I offer him a cup which he takes after staring at me for a long time and drinks from it before pouring more and handing it back to me.

The morning is beautiful, bright and sunny. Birds were chirping and I could hear some of the attendees swimming in the lake, their laughter infectious as they splashed around.

Everyone was in a good mood because it was the third day, almost half way through.

"Do you miss the Games?" I asked him, staring down at my cup.

He turns his head to look at me. "The Games were very different for me."

I turned my head as well, having to tilt my head a little to look at him fully. "How so?"

We were so close.

Not touching.

But so close.

He was warm, his heat seeping into my skin.

It was getting hard to breathe, getting hard to think.

"It just was." He says without looking away.

We stood like that, our backs against the wall, our bodies inches apart while our eyes gazed at each other.

He is handsome.

It still surprises me sometimes to see it.

He's almost always covered by all this dark clothing, the leather and the cap, but on the rare times that I do see him ... it makes me stop and stare.

We look like lovers right now. The way attendees should be together and not the way a guard and his attendee should.

Because guards are invisible and should never interact, while attendees must mate with other attendees.

It can be seen in our clothes as well. My colorful dress, the ribbons on my hair and my wrist with the bright bracelet that masked my scent. To his dark ones that he wore, the one that was supposed to make him invisible. Only, he wasn't invisible to me.

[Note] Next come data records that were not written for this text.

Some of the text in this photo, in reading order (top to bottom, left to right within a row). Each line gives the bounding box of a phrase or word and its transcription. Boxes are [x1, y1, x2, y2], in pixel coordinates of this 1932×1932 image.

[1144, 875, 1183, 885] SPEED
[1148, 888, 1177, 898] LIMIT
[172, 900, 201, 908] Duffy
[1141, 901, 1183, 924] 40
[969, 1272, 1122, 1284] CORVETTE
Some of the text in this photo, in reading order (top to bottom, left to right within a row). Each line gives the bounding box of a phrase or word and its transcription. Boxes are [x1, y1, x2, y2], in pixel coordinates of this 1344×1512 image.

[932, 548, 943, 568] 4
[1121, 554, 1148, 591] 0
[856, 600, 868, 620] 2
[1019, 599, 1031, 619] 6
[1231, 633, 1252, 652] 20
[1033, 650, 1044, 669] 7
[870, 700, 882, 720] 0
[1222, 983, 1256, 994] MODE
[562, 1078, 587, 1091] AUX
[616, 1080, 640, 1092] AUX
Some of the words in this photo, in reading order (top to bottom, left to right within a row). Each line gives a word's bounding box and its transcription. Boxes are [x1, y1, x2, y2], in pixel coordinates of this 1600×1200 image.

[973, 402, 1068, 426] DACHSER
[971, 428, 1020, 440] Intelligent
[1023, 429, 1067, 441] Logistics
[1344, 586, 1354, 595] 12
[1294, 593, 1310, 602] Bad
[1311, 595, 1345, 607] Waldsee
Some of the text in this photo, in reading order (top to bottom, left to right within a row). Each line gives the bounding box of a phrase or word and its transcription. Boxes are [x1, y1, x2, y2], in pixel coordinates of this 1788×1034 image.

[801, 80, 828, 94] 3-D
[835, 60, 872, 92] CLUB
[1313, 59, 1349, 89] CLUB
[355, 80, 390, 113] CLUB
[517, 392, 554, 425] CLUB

And he didn't look like he wanted to be.

"You need some bread in you. Something to help soak up all that alcohol." He pats his coat, the sound of his hand clapping against the tight leather the only sound in the quiet hallway. "Unfortunately, I don't have that on me at the moment." "You disappoint me." I said with a playful pout of my lips."

I expect you to have everything ready for me."

He bowed his head but his eyes were solely on my lips. "It won't happen again."

"It shouldn't." I agreed, poking him on the arm to feel how solid it was underneath the coat he wore. One touch and I could already see how well built he was. Sturdy and strong.

"Well,"

My throat tightens but I can't let myself be distracted any longer.

It was the third day.

Time was ticking.

"Thank you for the coffee." I smiled, pushing off the wall and brushing down my dress. "But I have to go replace myself a mate now."

His eyes flashed.

But it was gone before I properly saw it.

"Of course. 'll be right here behind you."